Traded on the Bursa Malaysia exchange, Icon Offshore Bhd reported a dramatic turnaround in Q4 2019, posting a net profit of Myr7.4M (US$1.8M) versus a net loss of Myr415.1M (US$98.9M) a year earlier, as revenue rose on higher utilisation of the group’s OSVs. Vessel utilisation rose to 59% in Q4 2019, up from 50.9% in the same quarter a year earlier.
Lower depreciation charges for Icon Offshore’s OSVs were also among factors contributing to its net profit in Q4 2019 (ended 31 December 2019). Icon has a fleet of 32 vessels.
After two years’ worth of loss-making quarters, Alam Maritim Sdn Bhd reported a profit of Myr114.6M (US$27.3M) in Q3 2019. Based in Kuala Lumpur, the Malaysian OSV owner had recorded a net loss of Myr21.39M (US$5.1M) in the same period in financial year (fy) 2018.
While earnings slipped back into the red for Q4 2019, when the company posted a loss of Myr65.5M (US$15.62M), the results were a marked improvement from a year earlier for the same period, when it posted a loss of Myr167.6M (US$40M). For fy2019 ended 31 December, Alam Maritim’s revenue climbed 316% year-on-year (y-o-y) to Myr301.8M (US$72M), up from Myr95.4M (US$22.8M).
In February, Alam Maritim announced it had secured a two-year charter to provide an AHTS vessel to Petronas Carigali Sdn Bhd under a contract valued at Myr28M (US$6.6M).
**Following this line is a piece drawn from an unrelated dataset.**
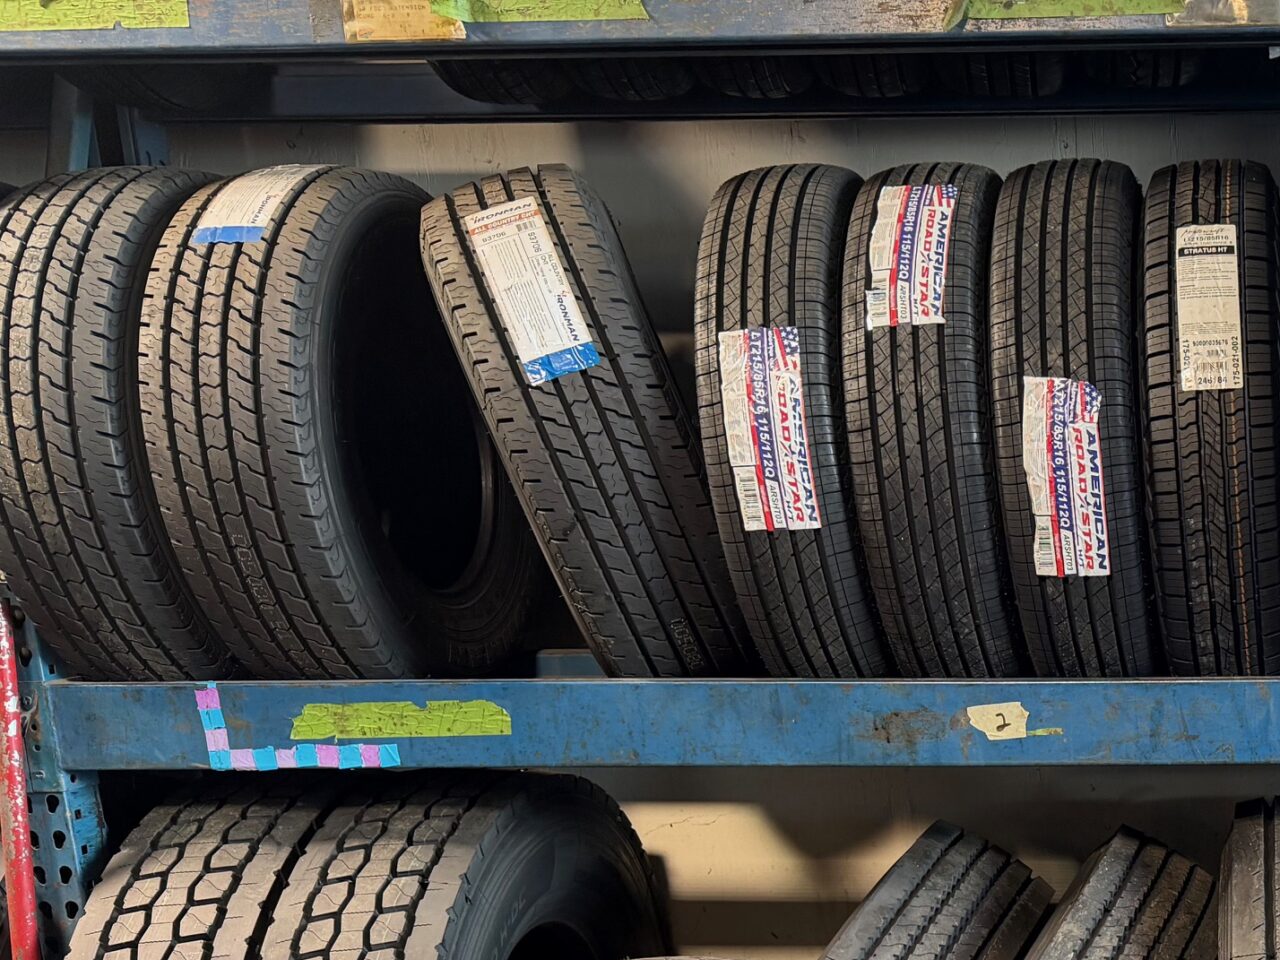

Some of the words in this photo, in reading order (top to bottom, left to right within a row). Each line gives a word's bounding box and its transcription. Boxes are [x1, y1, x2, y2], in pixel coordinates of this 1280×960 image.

To raise working capital, Alam Maritim announced in January it would undertake two private placements involving about 30% of its total issued shares. From the gross proceeds generated by the private placements, Alam Maritim intends to fund the dry docking, service and maintenance requirements of its vessels, which are subject to class renewal survey and intermediate survey.
Meanwhile, Bumi Armada posted a loss for Q4 2019; the Malaysian OSV owner posted an overall profit of Myr58.6M (US$13.9M) in fy2019, with ‘stable operations’ from its floating production and offloading fleet.